Le contenu des résumés non techniques (RNT) est rédigé à des fins de communication par les établissements d'expérimentation animale. Ces résumés sont donc soumis, au minimum, au biais de désirabilité sociale, qui peut avoir pour conséquence de mettre en avant de manière détaillée les bénéfices attendus et de limiter les détails et la description des contraintes imposées aux animaux. Par ailleurs, n'étant pas sourcées ni soumises à une relecture par les pairs, les affirmations contenues dans les RNT sur des sujets scientifiques n'ont aucune valeur de preuve, mais fournissent des indications sur le cadre théorique dans lequel les établissements travaillent.

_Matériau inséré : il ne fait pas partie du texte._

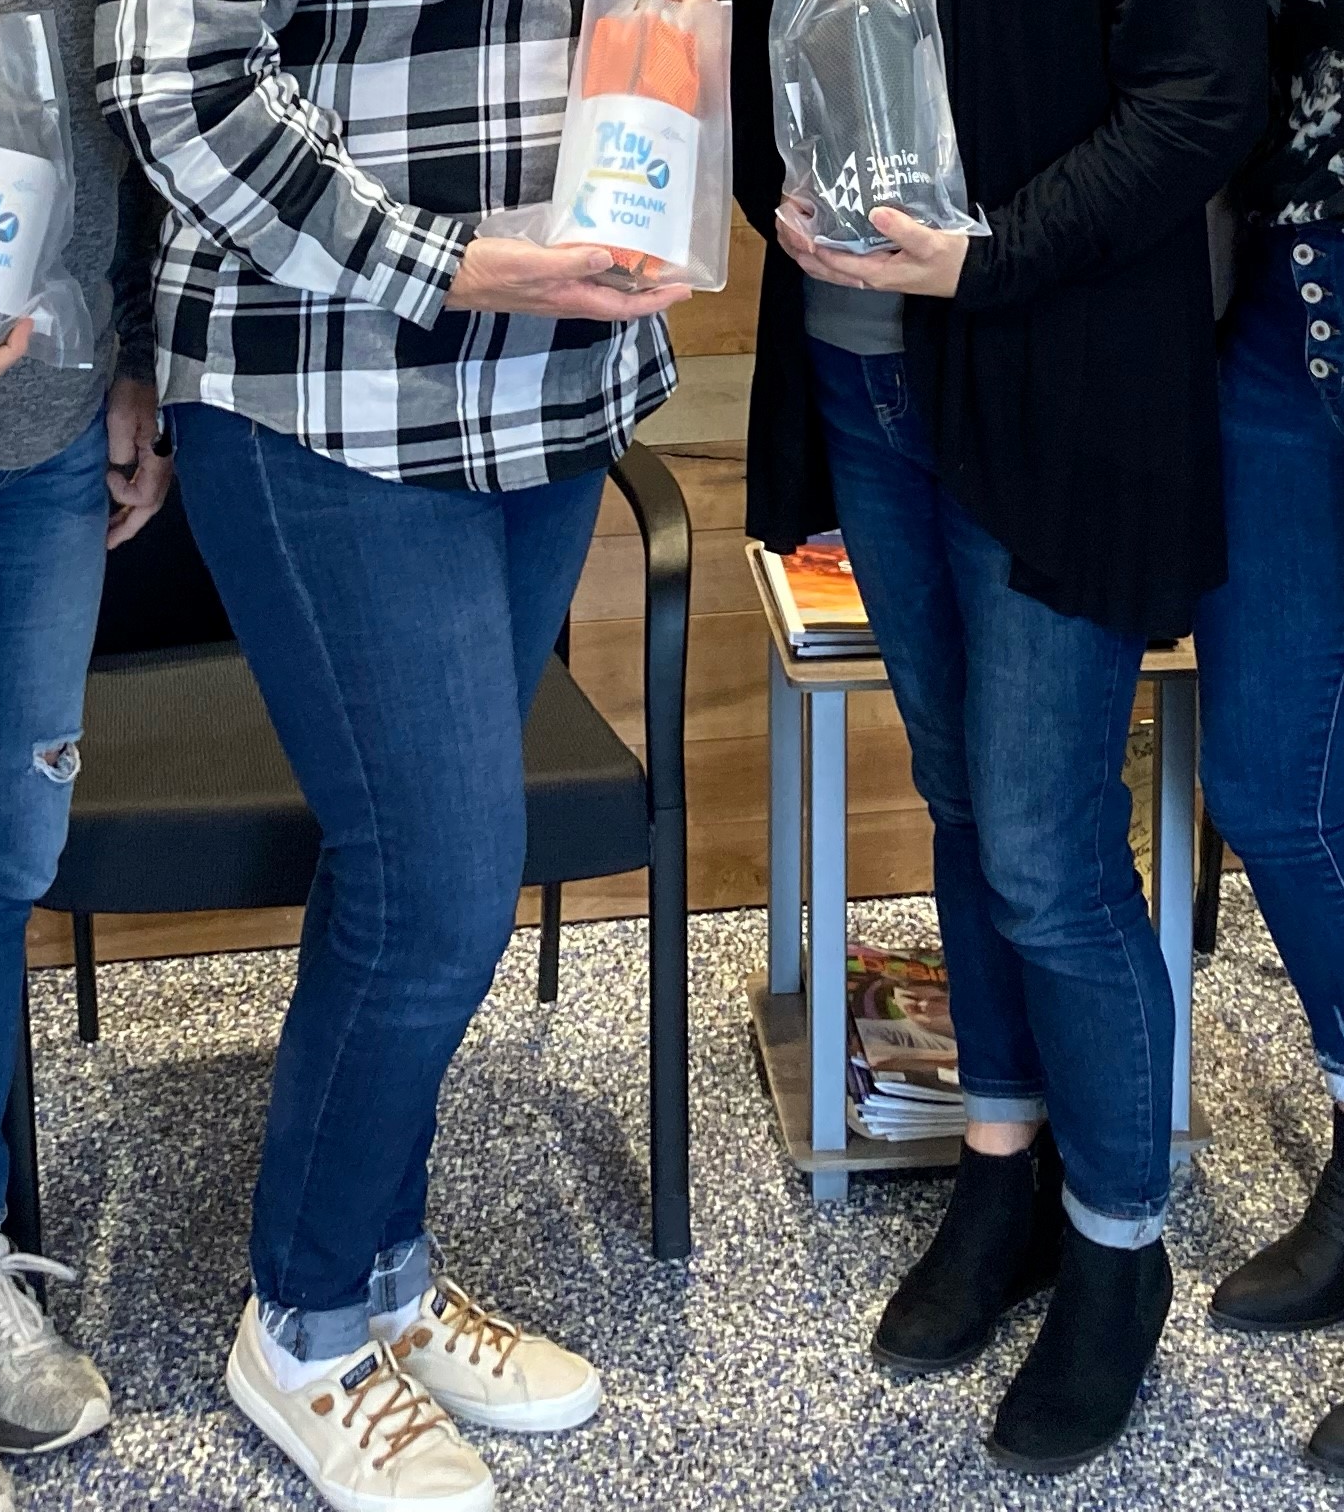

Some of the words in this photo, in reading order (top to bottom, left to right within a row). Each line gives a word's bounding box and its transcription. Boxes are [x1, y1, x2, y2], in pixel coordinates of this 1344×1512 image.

[597, 120, 654, 165] Play
[613, 191, 667, 214] THANK
[610, 209, 651, 229] YOU!

En bref (résumé court généré par IA)

Un fragment de peau est retiré du dos de chaque souris sous anesthésie générale, un anneau de silicone fixé autour de la plaie, puis le pansement changé et la plaie mesurée tous les jours sous anesthésie gazeuse. 114 souris vont être utilisées ainsi, dans des procédures impliquant un niveau de souffrance modéré, le porteur indiquant que des infections peuvent apparaître et que des signes de douleur peuvent se manifester pendant toute la durée de l’expérience. Le mécanisme étudié, une sénescence déclenchée par la rupture de l’enveloppe du noyau sous contrainte mécanique, a été découvert sur des cellules en culture, ce qui n’empêche pas le porteur d’affirmer que ni les modélisations mathématiques ni les systèmes in vitro ne permettent de reproduire les paramètres en jeu. L’effectif de 114 animaux n’est justifié que par le recours à des « outils statistiques », et toutes les souris sont tuées pour analyse des plaies après leur mort.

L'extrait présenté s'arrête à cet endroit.